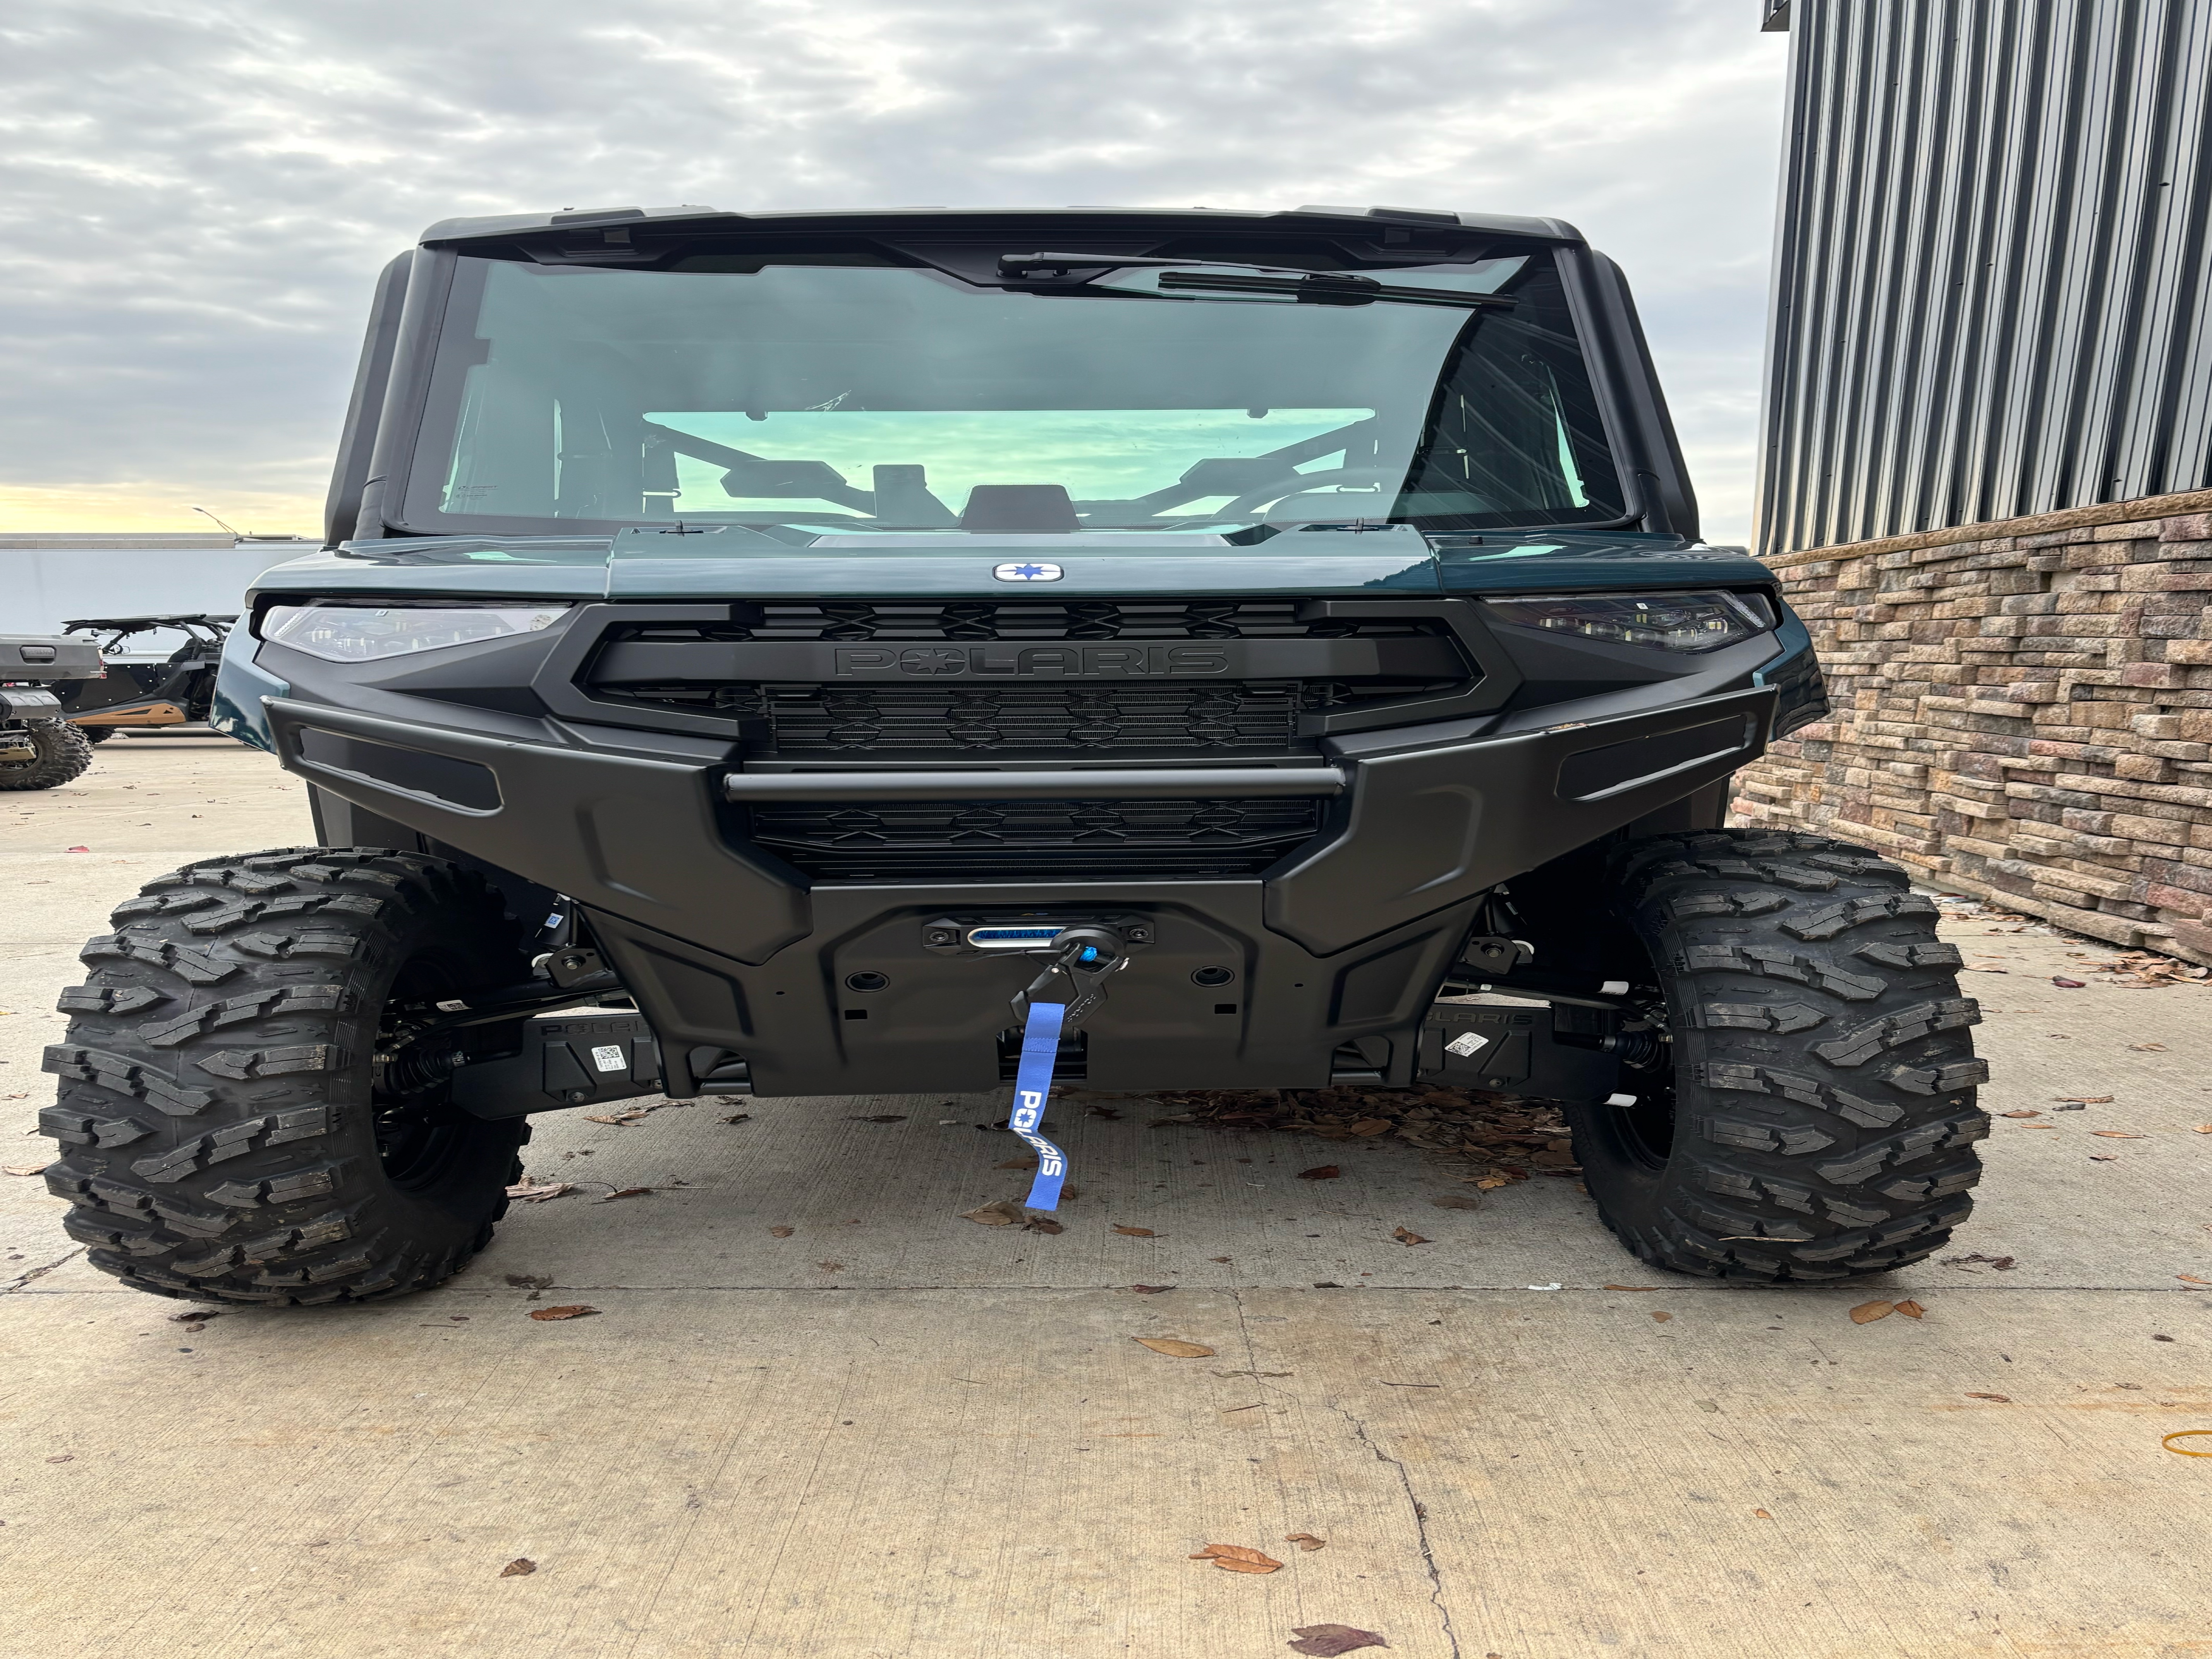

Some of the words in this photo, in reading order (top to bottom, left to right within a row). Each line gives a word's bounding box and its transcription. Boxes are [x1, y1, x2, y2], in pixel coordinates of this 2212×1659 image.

[835, 646, 1228, 675] POLARIS
[541, 1020, 649, 1036] POLAR
[1013, 1091, 1062, 1176] POLARIS
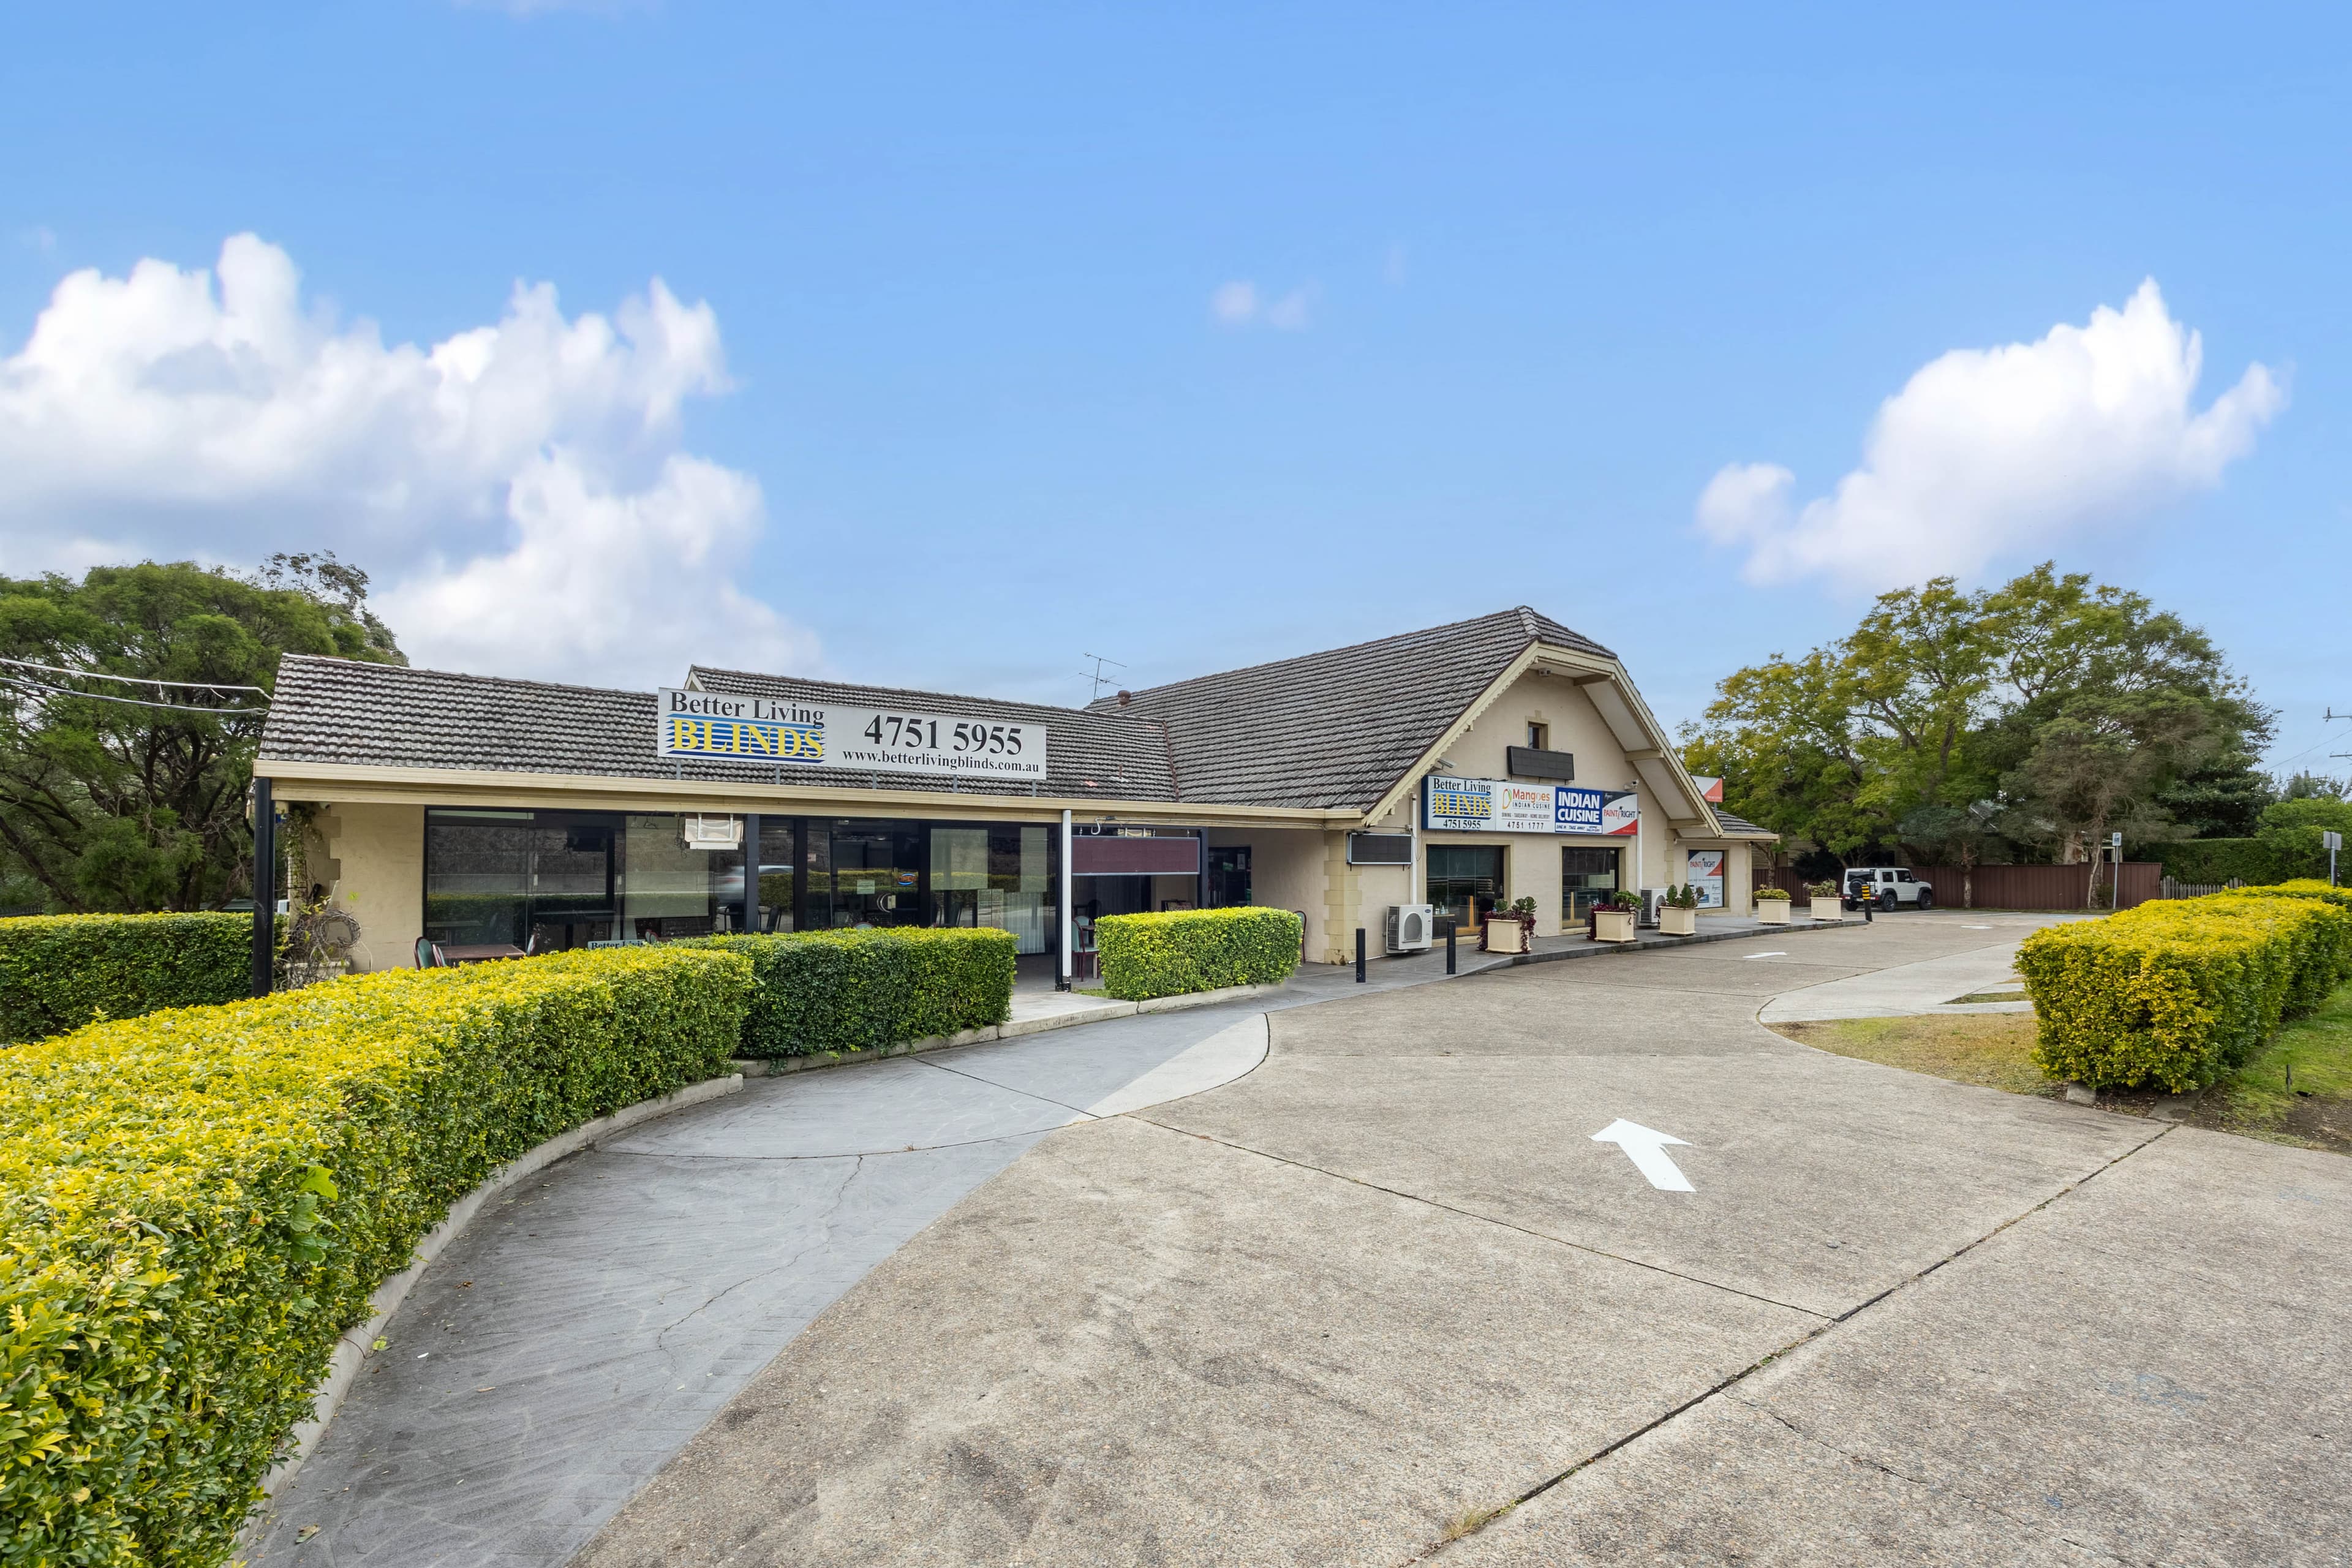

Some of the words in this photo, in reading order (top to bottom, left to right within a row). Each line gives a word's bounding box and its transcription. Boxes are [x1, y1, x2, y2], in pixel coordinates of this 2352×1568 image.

┄┄┄┄┄┄┄┄┄┄

**Exercise**.
Repeat all of the material above exactly, leaving out pictures.

**Response to the task**.
Some of the words in this photo, in reading order (top to bottom, left to right within a row). Each line gives a word's bounding box and its transcription. Boxes are [x1, y1, x2, y2], in pixel coordinates of this 2212×1659 image.

[835, 646, 1228, 675] POLARIS
[541, 1020, 649, 1036] POLAR
[1013, 1091, 1062, 1176] POLARIS

Some of the words in this photo, in reading order (top to bottom, left to right within a row). Each line gives a word's bounding box and its transcription. Boxes are [x1, y1, x2, y2], in pixel coordinates of this 2352×1568 image.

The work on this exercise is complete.